PPF und Karlín Group / mehrere gemeinsame Wohnungsbauprojekte in Prag

162

Vorbereitungsphase

PPF und Karlín Group

CPI / Projekt Žižkovské zahrady in Prag-Žižkov, Wohnungen

k.A.

Vorbereitungsphase

CPI Property Group

*) Umrechnung anhand des Wechselkurses 1 Euro = 24,66 Tschechische Kronen (Tschechische Nationalbank, 4.8.2022)Quelle: Recherchen von Germany Trade & Invest; Pressemeldungen; Čianews; ČTK

Steigende Preise für Immobilien

Wohneigentum, das sich die Bürger auch leisten können, ist in Tschechien Mangelware und ein heißes Thema. Eurostat zufolge sind die Hauspreise in dem mitteleuropäischen Land im 1. Quartal 2022 erneut um fast ein Viertel gegenüber dem Vorjahr gestiegen. Tschechien zeigte die höchste Dynamik in der EU. Über die Lage auch in den Regionen informiert zum Beispiel das Maklervergleichsportal FerMakleri oder der Deloitte Real Index.

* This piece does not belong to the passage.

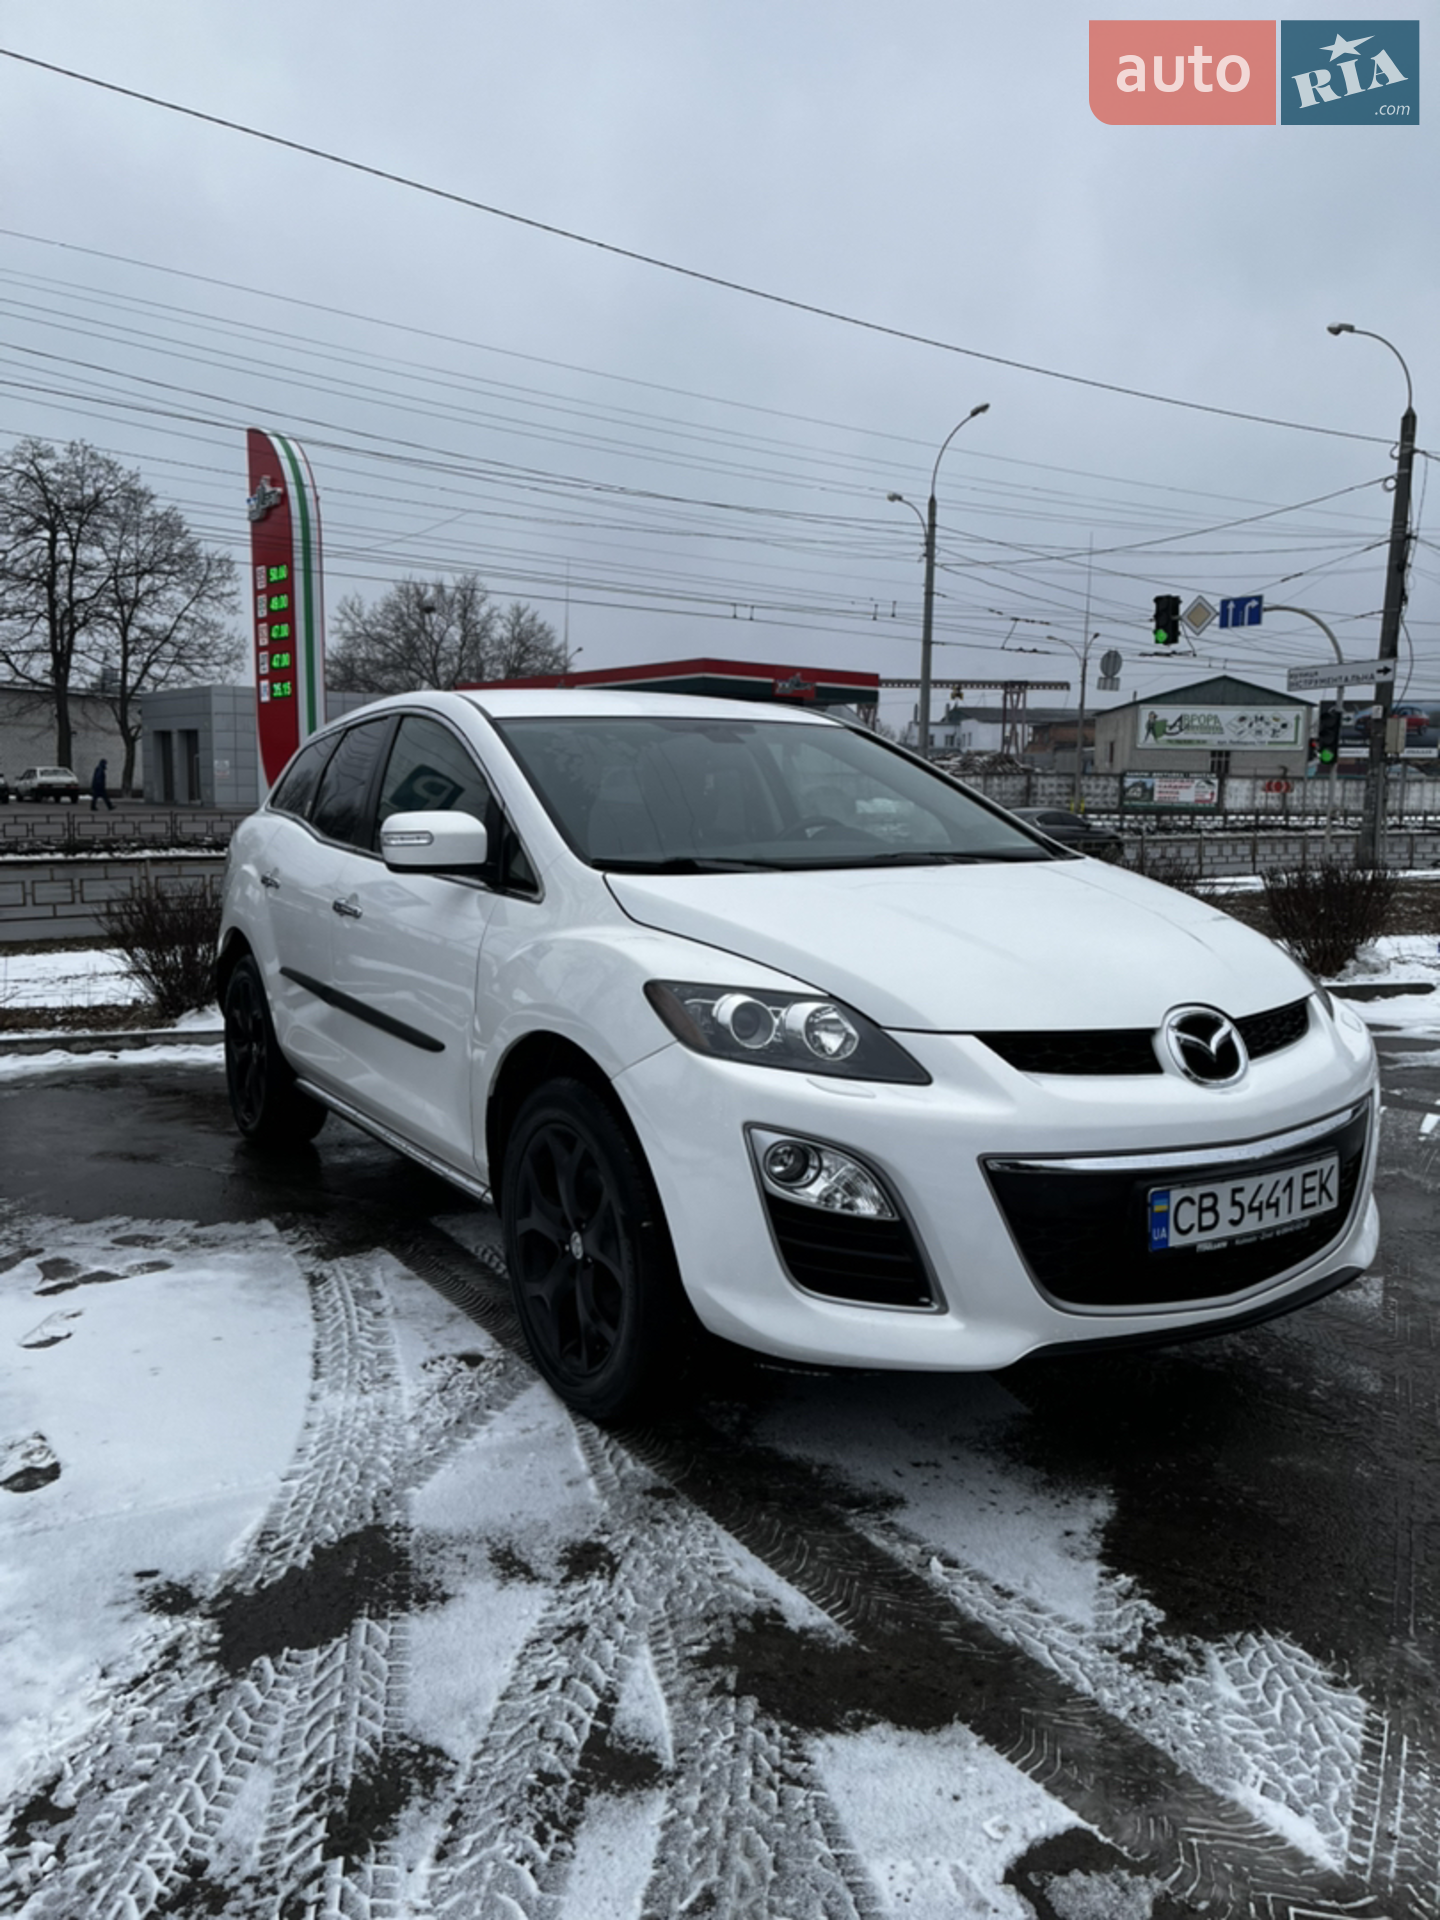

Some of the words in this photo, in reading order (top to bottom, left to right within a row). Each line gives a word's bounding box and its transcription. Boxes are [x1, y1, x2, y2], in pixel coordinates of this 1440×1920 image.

In Prag hat die Preisentwicklung für viele Menschen den Traum von den eigenen vier Wänden schon länger beendet oder lässt sie in die angrenzende Region Mittelböhmen ausweichen. Im 1. Quartal 2022 mussten die Prager für ein 70 Quadratmeter großes neues Apartment 17,3 jährliche Bruttodurchschnittsgehälter hinlegen. Das geht aus dem CG-Index der Erschwinglichkeit von Wohnraum hervor, den Central Group regelmäßig errechnet. Damit waren es über zwei Jahresgehälter mehr als ein Jahr zuvor. Für Berlin errechnete der Index 9,2 Jahresdurchschnittsgehälter.

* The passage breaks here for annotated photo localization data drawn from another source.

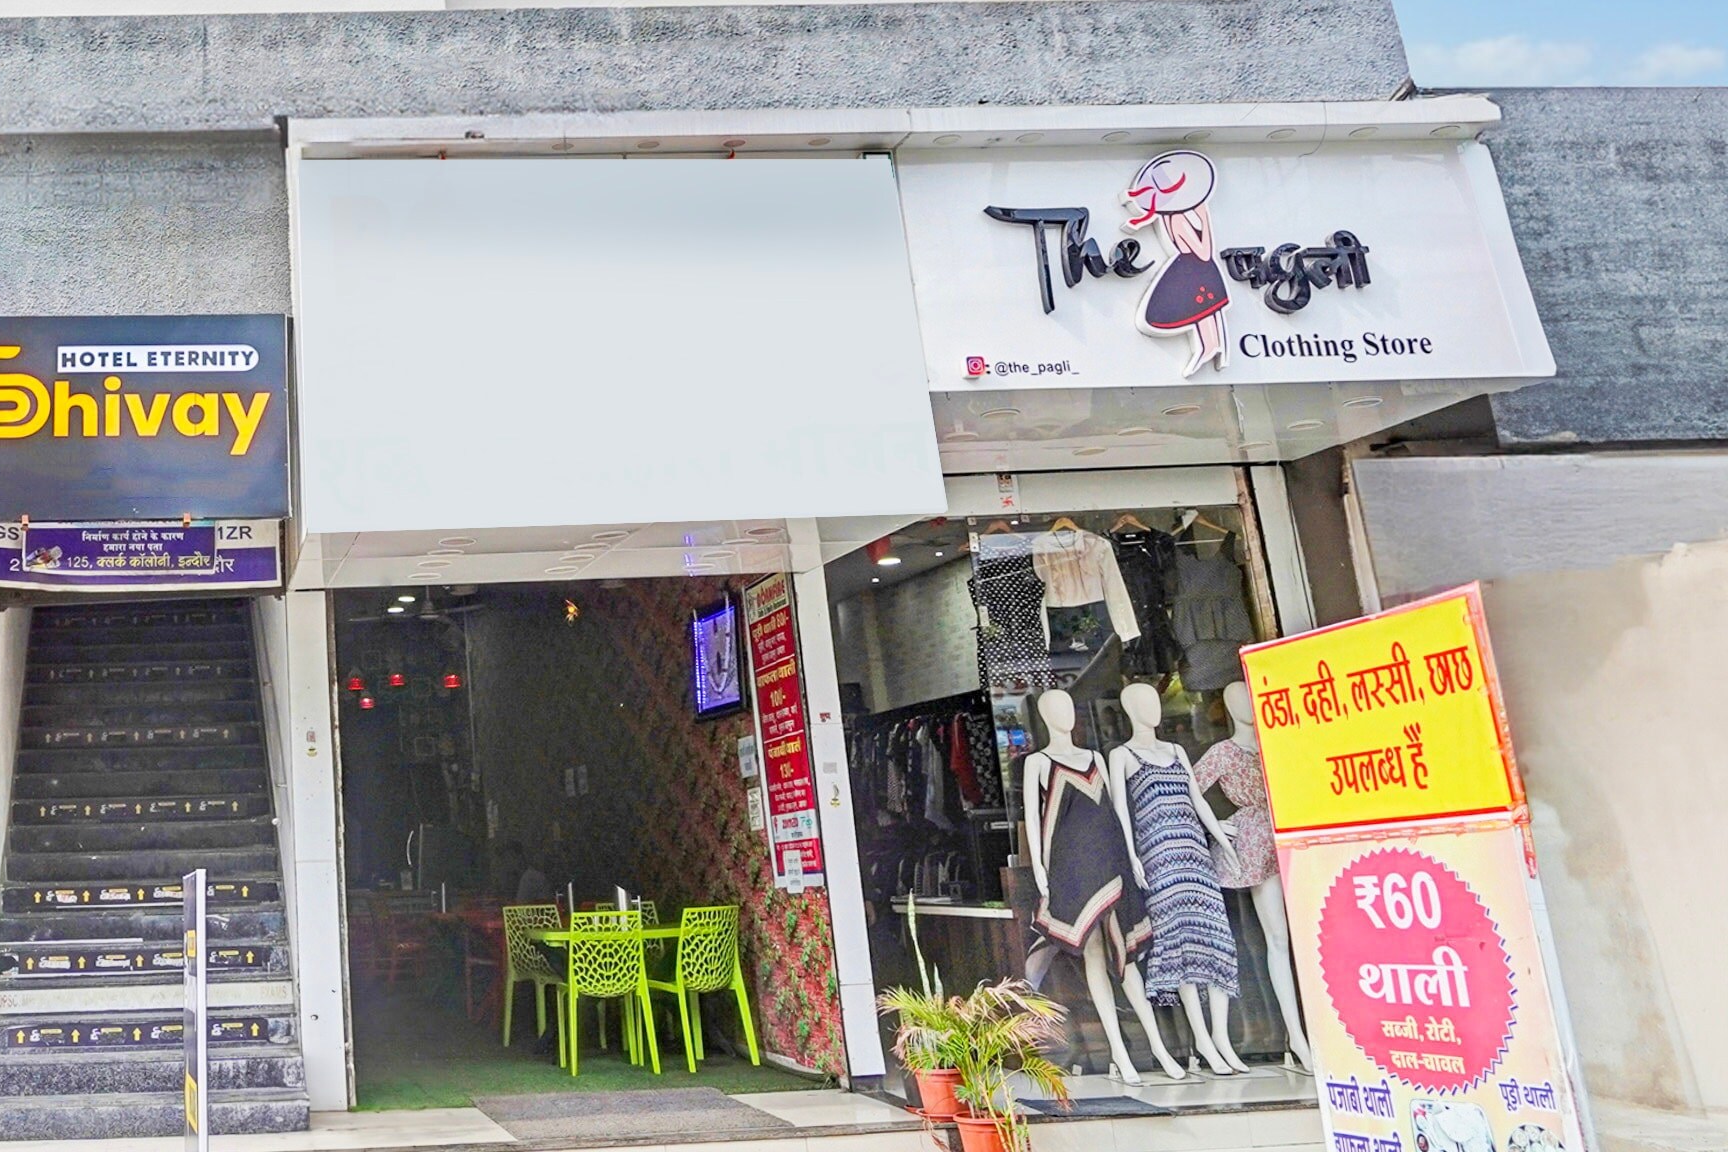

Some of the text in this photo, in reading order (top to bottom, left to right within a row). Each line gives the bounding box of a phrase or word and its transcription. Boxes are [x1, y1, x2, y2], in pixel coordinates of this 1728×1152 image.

[982, 205, 1155, 314] The
[61, 350, 254, 367] HOTEL ETERNITY
[1239, 331, 1433, 363] Clothing Store
[994, 360, 1079, 376] @the_pagli_
[149, 531, 159, 541] के
[160, 532, 184, 541] कारण
[67, 557, 93, 569] 125,
[1258, 642, 1472, 729] ठंडा, दही, लस्सी, छाछ
[1325, 722, 1429, 796] उपलब्ध हैं
[1352, 870, 1442, 929] ₹60
[1358, 945, 1471, 1008] थाली
[1326, 1074, 1395, 1118] पंजाबी थाली
[1523, 1081, 1556, 1110] थाली

Auch sind die Zeiten günstiger Hypotheken vorbei. Um die hohe Inflation zu bekämpfen, hat die Tschechische Zentralbank seit 2021 die Leitzinsen drastisch erhöht. Dem Fincentrum Hypoindex zufolge wurden neue Hypotheken Anfang Juli 2022 im Schnitt mit 6,24 Prozent angeboten. Während solche Hypothekenzinssätze auch den Mittelstand als Käufer auszuschalten drohen, investieren zunehmend Menschen, die ihr Geld vor der Inflation in Sicherheit bringen wollen.

Mit Blick auf das Vorquartal stellte eine Analyse von Trigema, Skanska und Central Group im 2. Quartal 2022 eine Stabilisierung des Preises für neuen Wohnraum in Prag fest. Im Schnitt lag er demzufolge bei 145.783 Kronen (umgerechnet 5.915 Euro) pro Quadratmeter, bei rückläufigen Verkäufen. Ob das die Vorboten einer ersten Abkühlung des überhitzten Marktes sind, bleibt abzuwarten.